Ponto de vista de Alice

Tinha finalizado a ligação há alguns minutos, enquanto o céu ainda estava claro. Como o tempo conseguia se fechar tão rápido nessa cidade? Suspirei ao lembrar que meu carro estava longe, seria impossível chegar até ele antes da chuva começar a ficar mais forte.

Droga.

Comecei a correr para uma pequena lanchonete, na esquina da rua em que antes eu fazia compras, amaldiçoando o clima de Manchester. Por que não nevava de uma vez? Já estávamos no fim de novembro mesmo, onde estava a porcaria da minha neve?

Escolhi uma mesa para sentar-me longe das janelas, colocando todas aquelas sacolas na cadeira ao meu lado. Um raio cortou o céu, fazendo eu me encolher mais no meu lugar. Precisava chover assim tão forte, justo hoje? Odiava tempestades. Sempre que chovia daquele jeito, apenas uma memória ficava passando em looping na minha cabeça.

"Está ocupado?" Uma voz masculina me tirou de meus pensamentos inconformados, puxando a cadeira a minha frente e se sentando. Ótimo, agora ainda teria que lidar com um homem querendo flertar comigo. Estava sendo um sábado de sorte, o que mais poderia dar errado?

"Agora que você já sentou mesmo, pode ficar." Bufei, nem mesmo o olhando antes de chamar a garçonete para pedir um café. Um café, bem quente, tudo que eu precisava para tirar minha cabeça dessa tempestade enorme que caía do lado de fora.

Minha cafeína não demorou a chegar, mas quando inalei aquele aroma perfeito, não foi apenas o cheiro de café que passou por minhas narinas, mas também um agradavelmente doce. De onde vinha aquele outro aroma, tão agradável?

Somente após dar o primeiro gole em minha bebida foi que meus olhos fizeram contato com o estranho. Melhor, com a parte de um dos antebraços que estava exposta em cima da mesa. Eu sabia que era rude encarar, mas fixei quase que inconscientemente o olhar ali, examinando a pele tão branca, e tão cheia de cicatrizes em forma de meia lua.

O que poderia ter causado aquilo?

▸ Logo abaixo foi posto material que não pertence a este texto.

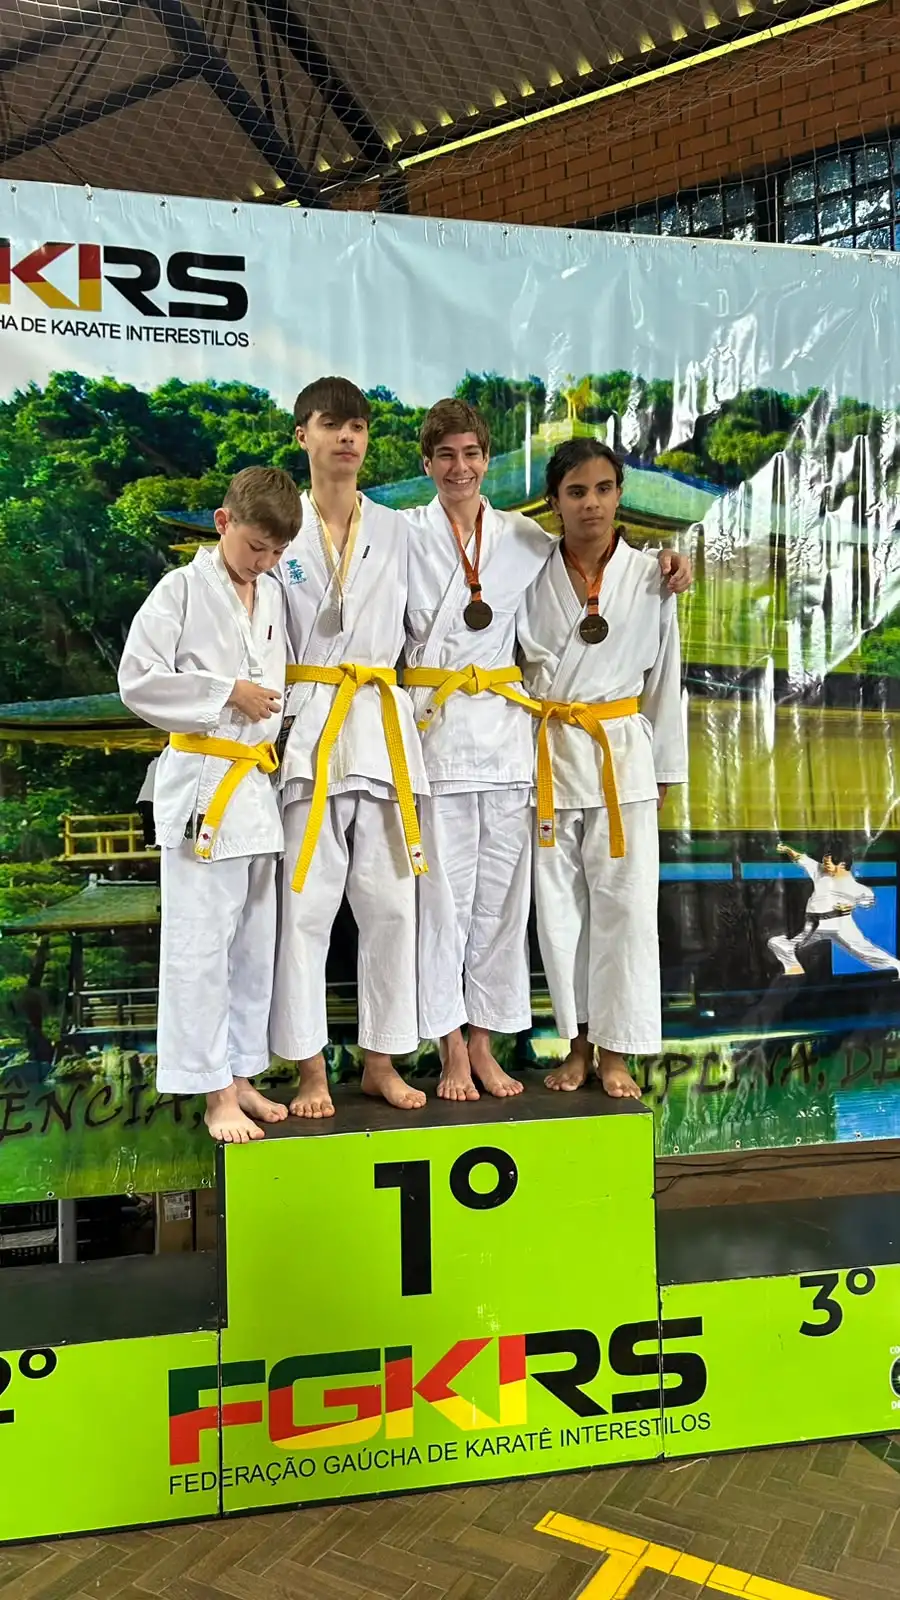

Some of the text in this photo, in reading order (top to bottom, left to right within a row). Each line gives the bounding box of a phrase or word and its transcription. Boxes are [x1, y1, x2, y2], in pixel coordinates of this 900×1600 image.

[21, 317, 46, 333] DE
[51, 319, 121, 339] KARATE
[126, 325, 249, 347] INTERESTILOS
[169, 1412, 711, 1495] FEDERAÇÃO GAÚCHA DE KARATÊ INTERESTILOS

Mordidas?

Foi quando ofeguei que o estranho percebeu as marcas a mostra, puxando de volta a manga molhada do casaco para cobri-las. Era ele que cheirava assim tão bem?

"Desculpe." Ele parecia desconfortável agora, uma mão por cima do que antes estava exposto. Ali, uma marca ainda era vista entre o polegar e o indicador. "Às vezes, me esqueço delas. Talvez seja melhor-" O homem começou a se levantar, vi isso quando suas mãos se apoiaram na mesa, e só então percebi que ainda encarava as cicatrizes, um pouco assustada.

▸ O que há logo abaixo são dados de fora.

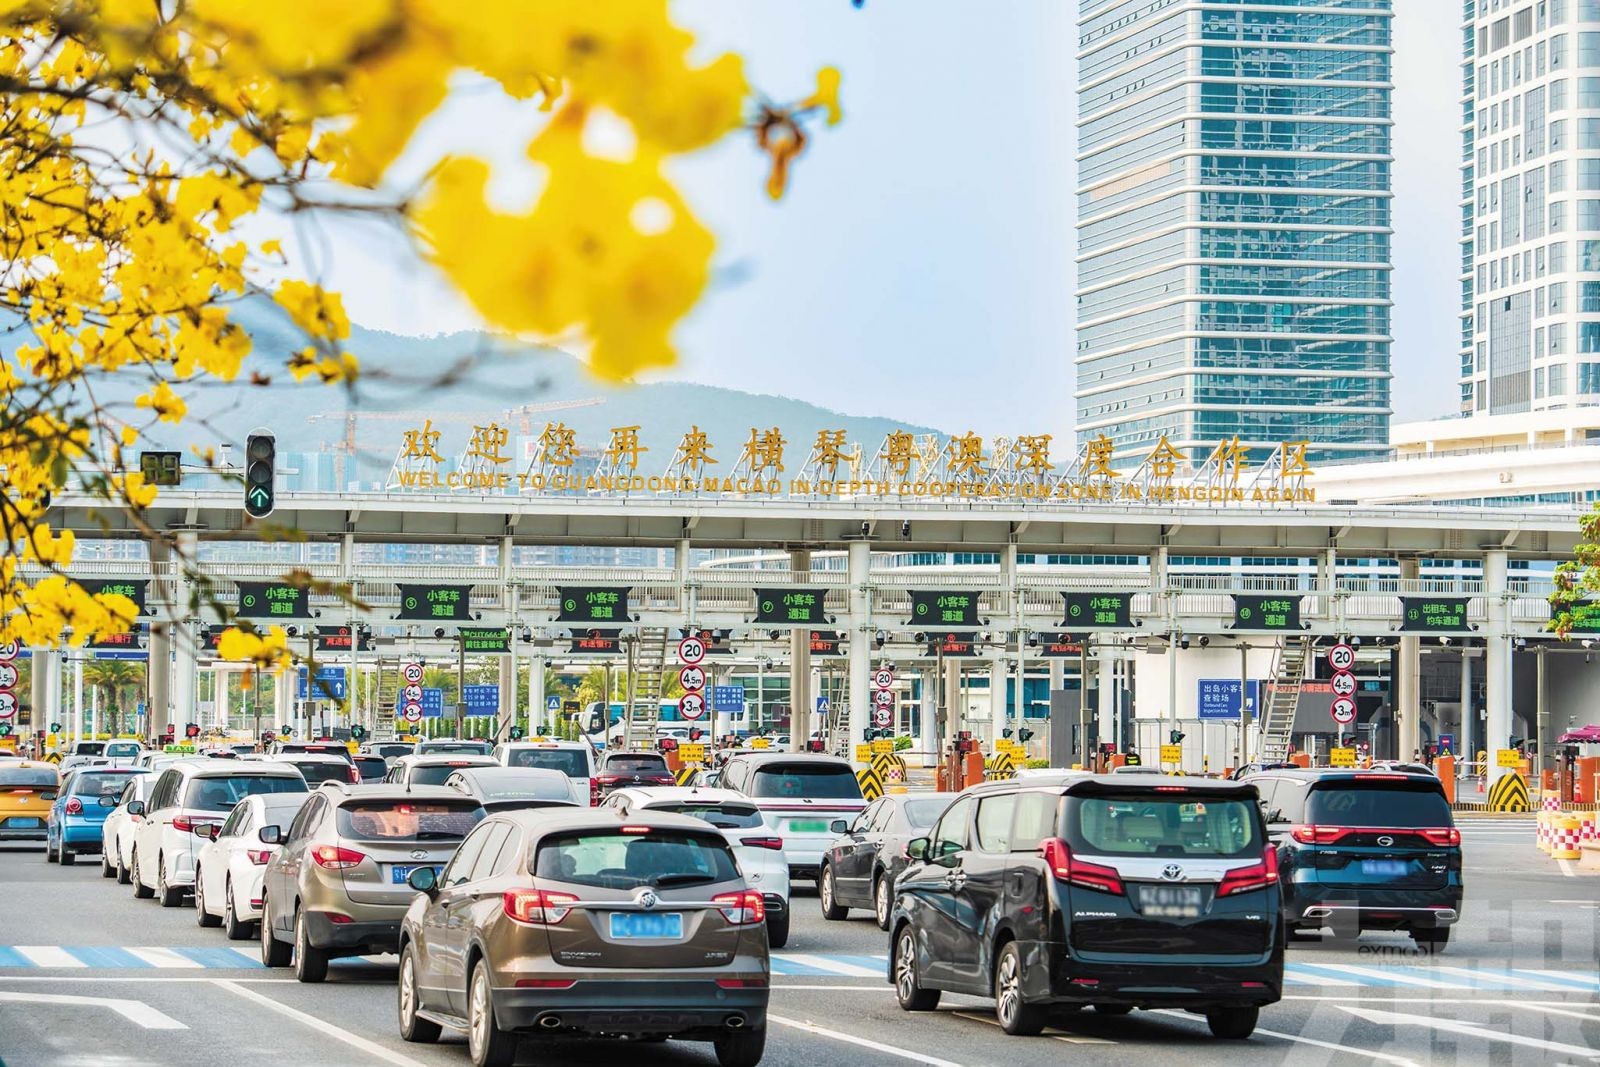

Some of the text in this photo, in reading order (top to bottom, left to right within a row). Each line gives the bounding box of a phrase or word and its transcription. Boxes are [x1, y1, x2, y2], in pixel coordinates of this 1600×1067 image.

[401, 419, 1315, 482] 欢迎您再来横琴粤澳深度合作区
[398, 471, 509, 488] WELCOME
[517, 473, 546, 489] TO
[898, 481, 1051, 499] COOPERATION
[1056, 483, 1112, 500] ZONE
[1121, 484, 1142, 500] IN
[1150, 485, 1244, 502] HENGQIN
[1252, 487, 1315, 502] AGAIN
[265, 587, 299, 600] 小客车
[427, 590, 460, 602] 小客车
[586, 592, 619, 604] 小客车
[783, 594, 815, 606] 小客车
[937, 596, 969, 608] 小客车
[1090, 598, 1121, 609] 小客车
[1260, 600, 1291, 612] 小客车
[271, 602, 293, 614] 通道
[432, 604, 454, 616] 通道
[591, 606, 613, 618] 通道
[788, 608, 810, 620] 通道
[942, 611, 963, 622] 通道
[1095, 612, 1116, 623] 通道
[1265, 615, 1286, 626] 通道
[684, 644, 701, 657] 20
[1335, 651, 1351, 664] 20
[408, 669, 419, 678] 20
[683, 673, 702, 685] 4.5m
[879, 674, 890, 683] 20
[1204, 684, 1242, 693] 出岛小客
[1335, 679, 1353, 690] 4.5m
[685, 700, 700, 712] 3m
[1337, 705, 1351, 717] 3m

Quero dizer, eram um pouco arrepiantes, afinal, o que além de mordidas poderia causar aquilo?

E eu não deveria ligar para o fato de ter o feito ficar desconfortável ali – estava irritada, cansada, apavorada com o temporal que caía lá fora, e um estranho se senta bem na minha frente sem nem esperar um "sim" como resposta! No entanto, me lembrei da cicatriz que eu mesma tinha no ombro, cicatriz que me incomodava tanto na época de verão, e que todos ficavam encarando quando íamos à praia. Me sentia péssima, odiava aquilo, e tinha acabado de repetir o que tanto detestava que fizessem comigo.

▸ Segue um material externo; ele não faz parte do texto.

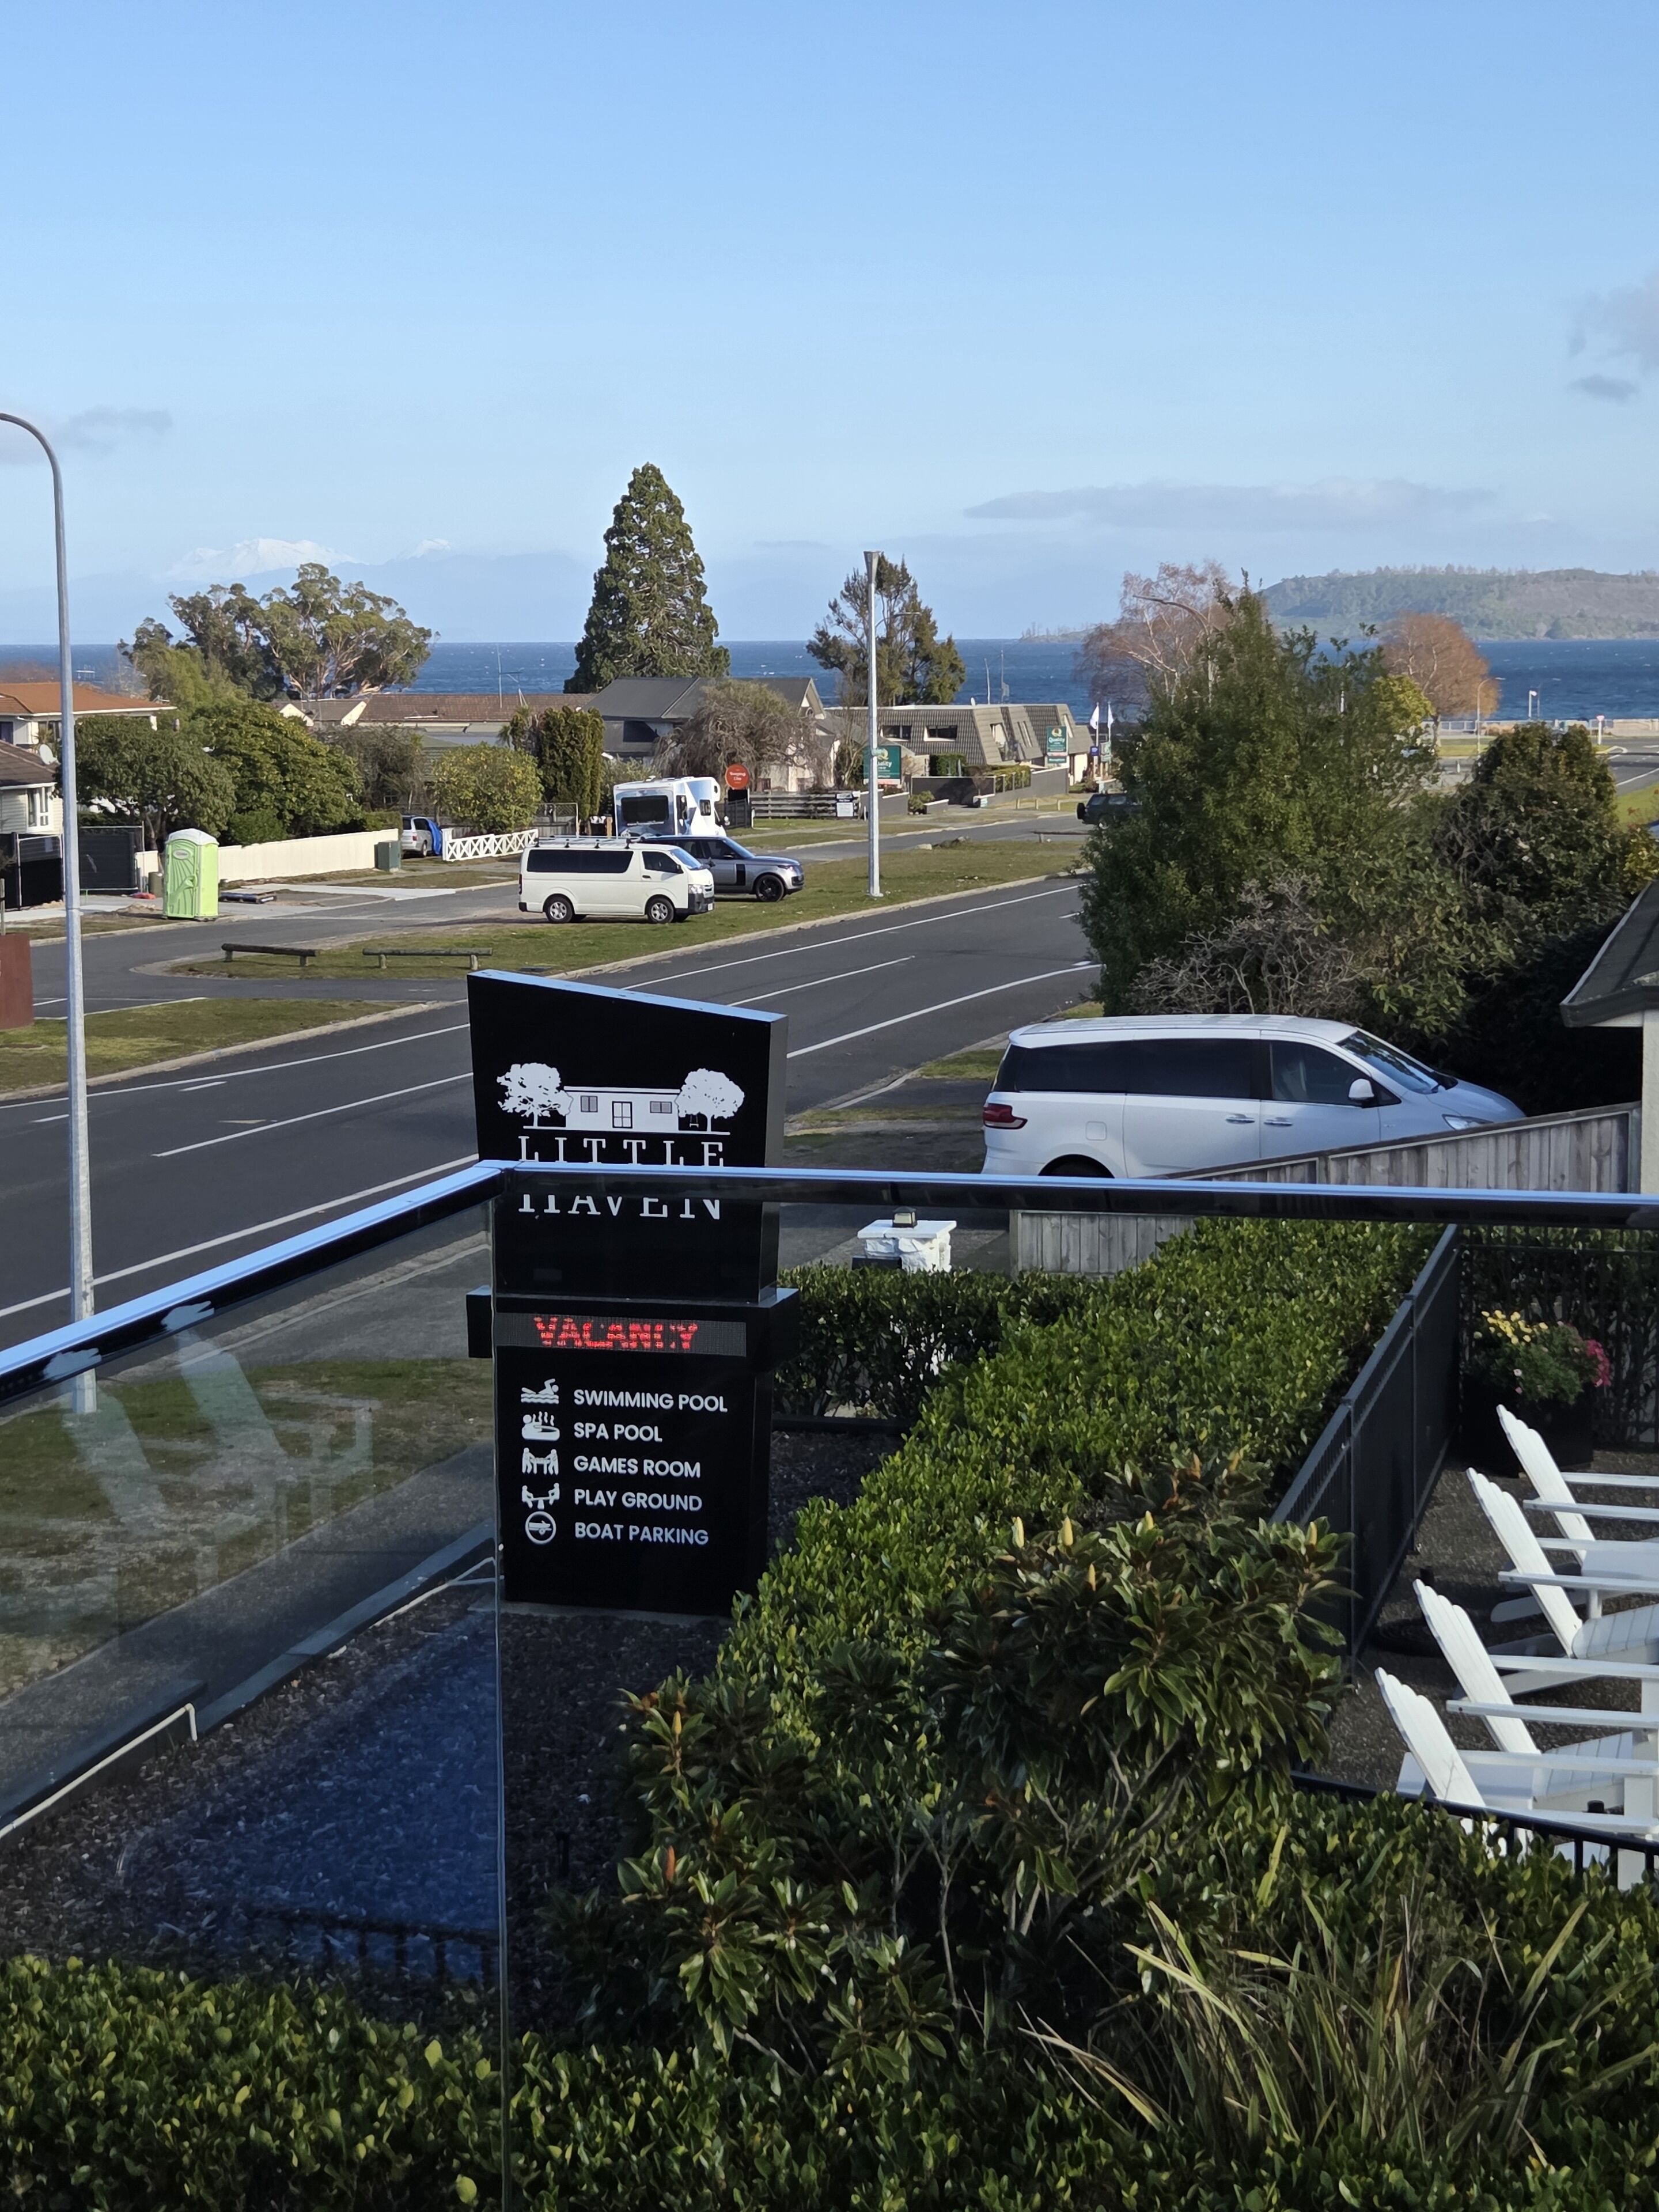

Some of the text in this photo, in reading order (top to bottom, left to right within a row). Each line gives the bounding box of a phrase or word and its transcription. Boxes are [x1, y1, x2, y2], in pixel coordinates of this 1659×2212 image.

[518, 1135, 724, 1166] LITTLE
[574, 1389, 728, 1412] SWIMMING POOL
[574, 1422, 663, 1442] SPA POOL
[573, 1455, 701, 1478] GAMES ROOM
[574, 1488, 702, 1511] PLAY GROUND
[575, 1522, 709, 1545] BOAT PARKING

"Espera!" Me debrucei na mesa para conseguir alcançar seu braço a tempo de pará-lo de ir embora. Ele virou-se de volta, e foi quando meus olhos enfim foram para seu rosto.

Meu Deus, como ele era lindo. Talvez lindo fosse pouco, talvez fosse melhor dizer perfeito. Com um rosto daqueles, ele podia ter quantas cicatrizes seu corpo comportasse, isso não o impediria de conseguir a mulher que quisesse naquele recinto. Me sentia extremamente insignificante e estúpida naquele momento, tratando tão mal uma pessoa tão perfeita. Um homem assim que eu gostaria que me chamasse para sair.

Percebi que estava perdida nos meus pensamentos, meus olhos fixando rudemente nele mais uma vez, quando o estranho voltou a sentar-se. Voltei para minha cadeira, sentindo minhas bochechas pegarem fogo.

"Elas deixam a maioria das pessoas um pouco incomodadas." ele disse, e só agora consegui escutar realmente sua voz. Tão afinada. "Sempre as escondo bem para tentar evitar-"

"Perguntas?" Ele fez que sim, e antes que percebesse o que estava fazendo, já havia tirado um dos braços de meu casaco. Subitamente, me sentia totalmente à vontade com o homem sentado na minha frente, e imaginei que tivesse algo a ver com o fato de dividirmos o mesmo incômodo. "Acidente de moto quando eu tinha quatorze anos." disse, mostrando com um pouco de dificuldade um pedaço de meu ombro direito, quase totalmente coberto por uma pele mais grossa, avermelhada. "Odeio essa cicatriz."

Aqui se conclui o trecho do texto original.